A former French Navy commander believes that his country’s submarine crews have probably not been told about the current pandemic. The commander added that strategic nuclear submarine crews may spend over two months on underwater patrol. They are kept in the dark about current world events to help them stay focused on the business of nuclear deterrence.

In Russia, the cruise missile submarine Orel has been locked down following a visit from an infected civilian. A Dutch ballistic missile submarine has reported that eight sailors out of 58 have tested positive for coronavirus. The Dutch submarine is presently headed home to the Netherlands early.

Sailors on two U.S. Navy nuclear-powered aircraft carriers have tested positive for coronavirus. Two cases were detected aboard the USS Ronald Reagan which is currently stationed in Japan.

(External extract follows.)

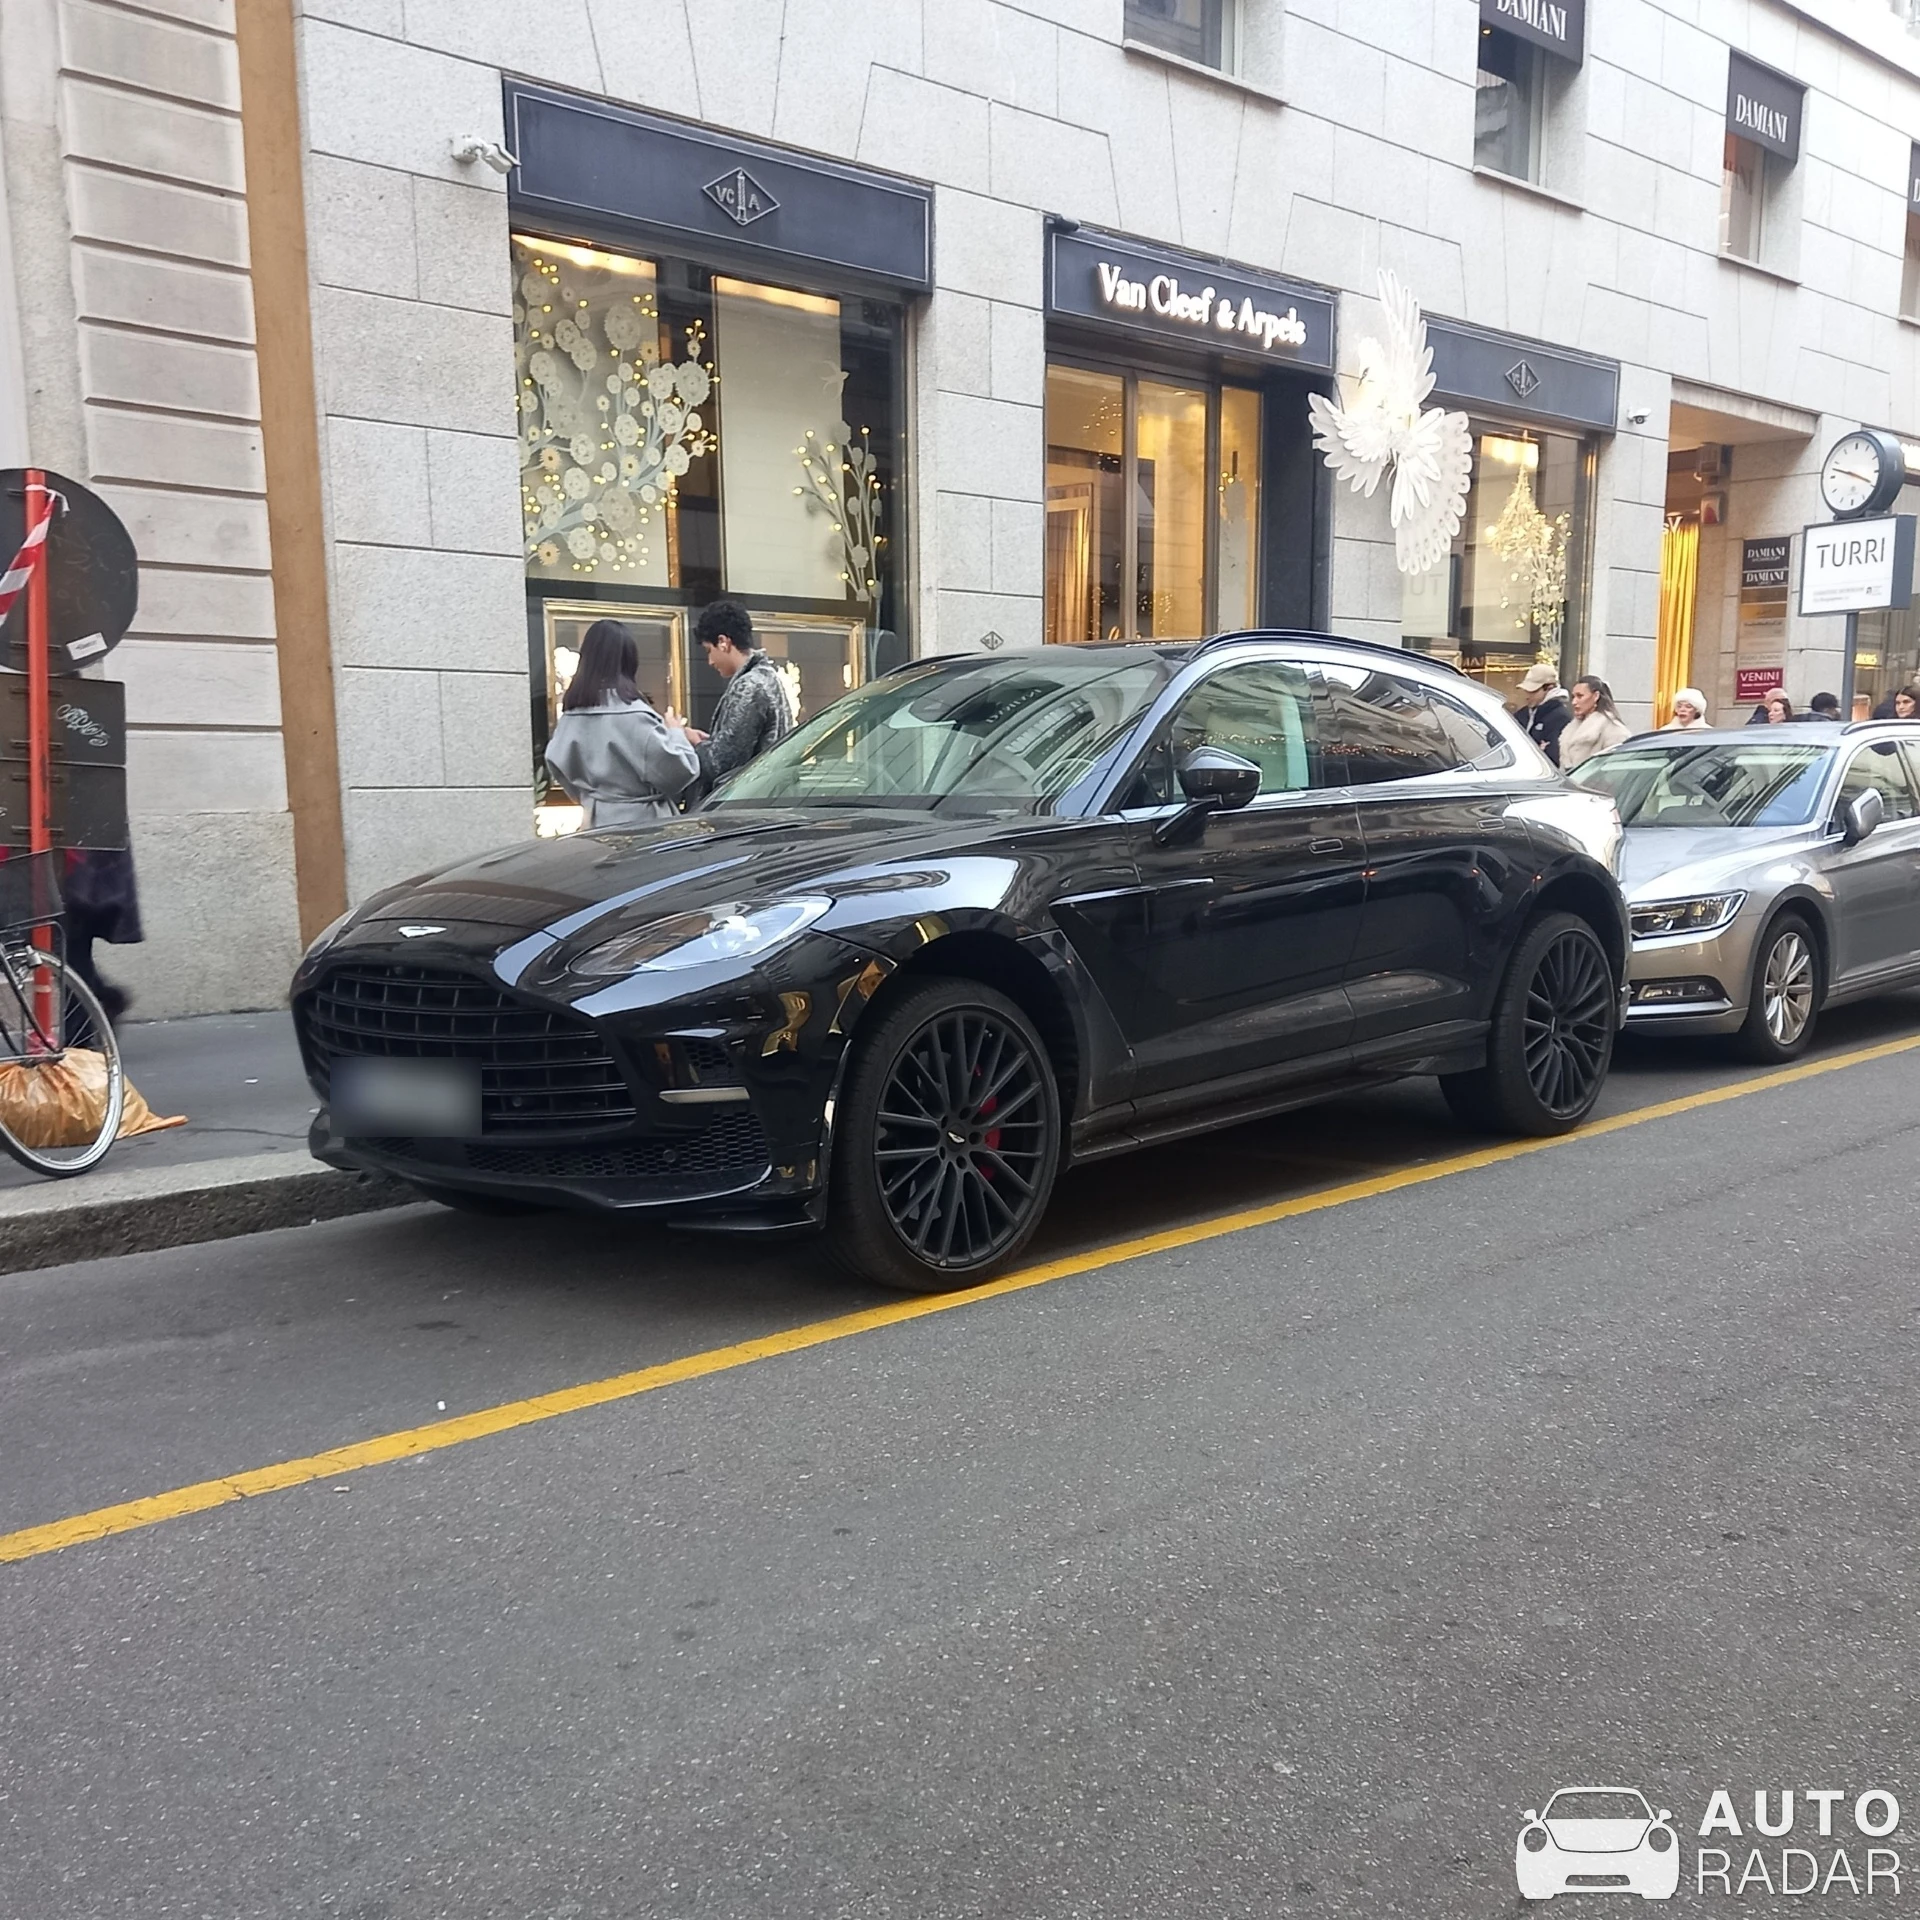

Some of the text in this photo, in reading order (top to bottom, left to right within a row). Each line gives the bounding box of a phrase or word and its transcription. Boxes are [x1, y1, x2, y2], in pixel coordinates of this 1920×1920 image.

Aboard the USS Theodore Roosevelt, the virus was detected after the nuclear aircraft carrier had visited Vietnam. It was ordered to dock in Guam and have the ship’s personnel tested for the virus. As many as 200 sailors aboard the USS Theodore Roosevelt have now tested positive for COVID-19. That’s roughly three to five percent of the total crew.

Captain Brett Crozier, the ship’s captain, wrote to the San Francisco Chronicle in protest. He said that his warship was ill-equipped to quarantine so many sailors. He appealed to his commanding officers to remove the infected sailors instead. Crozier said that “Keeping over 4,000 young men and women on board the TR is an unnecessary risk and breaks faith with those Sailors entrusted to our care.”

On the other hand, it must be asked whether it is practical to completely evacuate a nuclear aircraft carrier with munitions, planes and a nuclear power plant on board.